C’est à la suite d’un énième recours au 49.3 qu’a été adopté le projet de loi de financement de la Sécurité sociale 2023 (PLFSS 2023), le 30 novembre en lecture définitive à l’Assemblée nationale. Pour la septième fois, et la cinquième rien que pour ce texte de loi, Elisabeth Borne a engagé la responsabilité de son gouvernement, entraînant le dépôt d’une nouvelle motion de censure de la part de la NUPES, ayant tout aussi peu de chances d’aboutir que les précédentes. Son rejet le 2 décembre au soir permet de facto de valider ce PLFSS. Conformément aux promesses formulées par Emmanuel Macron lors de la campagne présidentielle, le PLFSS 2023 prétend mettre l’accent sur la prévention et sur l’accès aux soins, et ce alors que François Braun doit faire face à plusieurs mouvements de contestation, aussi bien chez les médecins (internes et libéraux) que chez les biologistes.
Une extension des compétences des infirmiers
Dans la lignée de l’avis rendu par la Haute autorité de santé (HAS) en janvier 2022, le PLFSS 2023 prévoit dans son Article 33 une extension des compétences vaccinales des infirmiers, mais aussi des pharmaciens et des sages-femmes. Ils pourront ainsi prescrire et administrer un certain nombre de vaccins (vaccins DTP, hépatites A et B, grippe, méningocoques…). Autre avancée, celle sur la réalisation des certificats de décès, réclamée de longue date par la profession, notamment dans les zones sous-dotées en personnel médical. « À titre expérimental, pour une durée d’un an, l’État peut autoriser les infirmières et les infirmiers à signer les certificats de décès », indique ainsi le texte de loi. Les frais relatifs à l’examen nécessaire à l’établissement du document seront pris en charge par le fonds d’intervention régional, sur la base d’un forfait qui doit encore être défini.

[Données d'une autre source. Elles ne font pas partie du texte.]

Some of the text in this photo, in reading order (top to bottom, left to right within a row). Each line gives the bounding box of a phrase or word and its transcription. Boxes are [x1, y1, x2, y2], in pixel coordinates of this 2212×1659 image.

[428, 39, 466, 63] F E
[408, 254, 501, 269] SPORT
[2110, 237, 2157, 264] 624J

Cette expérimentation se déroulera dans six territoires, et devra ensuite faire l’objet d’un rapport d’évaluation auprès du Parlement au plus tard trois mois après son terme pour une éventuelle généralisation. Enfin, sur l’organisation de la permanence des soins, « les médecins, les chirurgiens- dentistes, les sages-femmes et les infirmiers diplômés d’État [en] sont responsables collectivement », note le PLFSS. Les professionnels libéraux ont donc « vocation à concourir à la mission de service public de permanence des soins ». Les conditions de rémunération, elles, seront « fixées par décret ».
• Le texte table sur un déficit de 6,8 milliards d’euros en 2023, soit une nette amélioration par rapport à 2022 (18,9 milliards selon le prévisionnel).
• L’objectif national des dépenses d’assurance maladie (ONDAM) est fixé à 244 milliards d’euros, soit une progression de 3,7%, hors dépenses liées au Covid.
• 30 milliards d’euros seront consacrés à la branche autonomie.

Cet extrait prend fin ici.